Transplanting rejuvenated blood stem cells extends lifespan of aged immunocompromised mice [scRNA-seq of LSK cells]

One goal of regenerative medicine is to rejuvenate tissues and extend lifespan by restoring the function of endogenous aged stem cells. However, evidence that somatic stem cells can be targeted in vivo to extend lifespan is still lacking. Here, we demonstrate that after a short systemic treatment with a specific inhibitor of the small RhoGTPase Cdc42 (CASIN), transplanting aged hematopoietic stem cells (HSCs) from treated mice is sufficient to extend the healthspan and lifespan of aged immunocompromised mice without additional treatment.
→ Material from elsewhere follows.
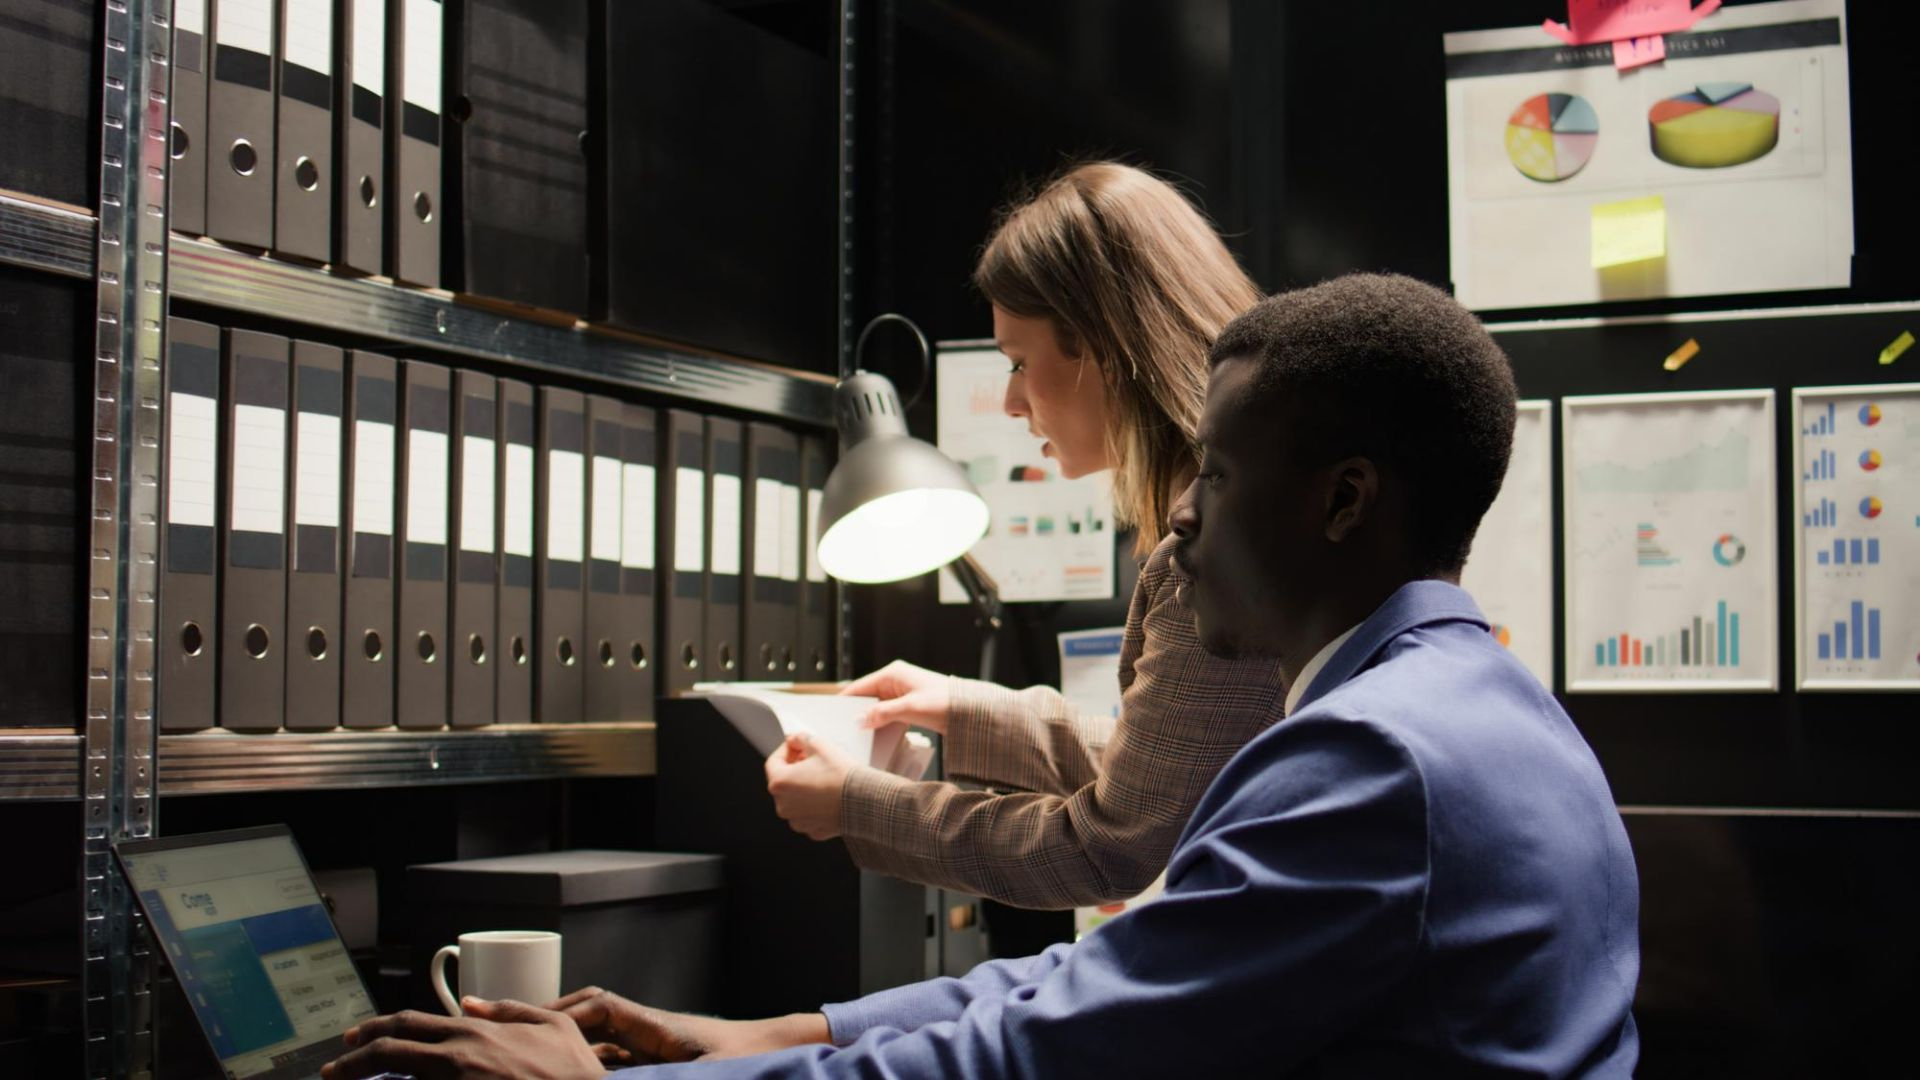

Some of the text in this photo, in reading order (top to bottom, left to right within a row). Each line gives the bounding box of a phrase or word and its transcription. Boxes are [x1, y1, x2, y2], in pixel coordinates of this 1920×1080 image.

[1554, 48, 1611, 63] BUSINES
[1667, 39, 1700, 52] TICS
[1705, 37, 1726, 49] 101
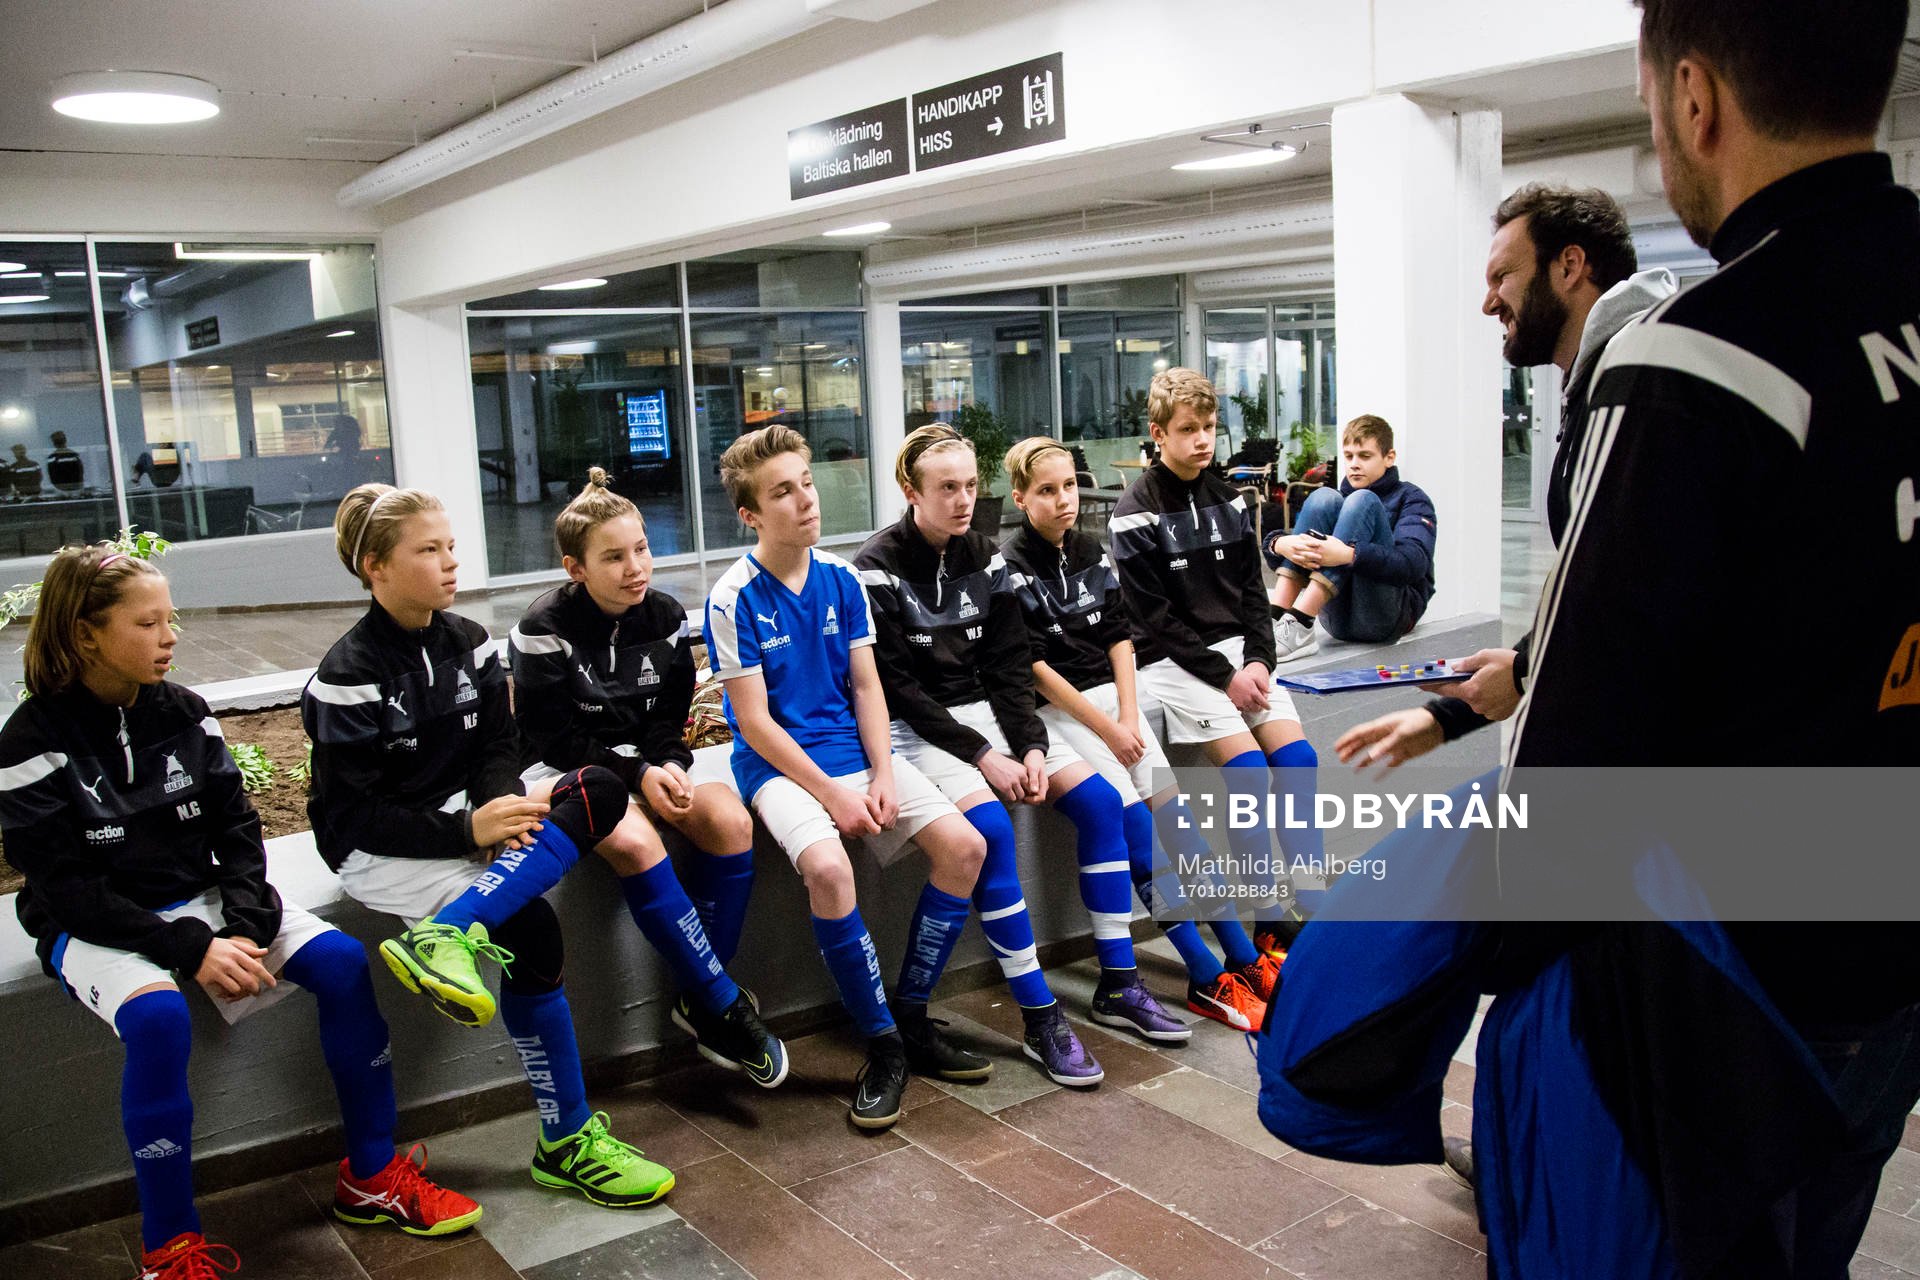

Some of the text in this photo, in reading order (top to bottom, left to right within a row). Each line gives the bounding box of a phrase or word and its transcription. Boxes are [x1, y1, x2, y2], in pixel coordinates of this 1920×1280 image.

In detail, we show that systemic CASIN treatment improves strength and endurance of aged mice by increasing the myogenic regenerative potential of aged skeletal muscle stem cells. Further, we show that CASIN modifies niche localization and H4K16ac polarity of HSCs in vivo. Single cell profiling reveals changes in HSC transcriptome, which underlie enhanced lymphoid and regenerative capacity in serial transplantation assays. Overall, we provide proof-of-concept evidence that a short systemic treatment to decrease Cdc42 activity improves the regenerative capacity of different endogenous aged stem cells in vivo, and that rejuvenated HSCs exert a broad systemic effect sufficient to extend murine health- and lifespan. Overall design: Aged mice (C57Bl6, >80 weeks old) were treated with CASIN for 4 consecutive days (1 i.p injection every 24h). At day 5, samples were taken from the bone marrow from treated aged mice, as well as young control (C57Bl6, 10-12 weeks old) and aged control mice (controls treated only with cyclodextrin). Lin- cKit+ Sca1+ (LSK) bone marrow cells were sorted to perform scRNA-seq. There are a total of 3 replicates per mice condition.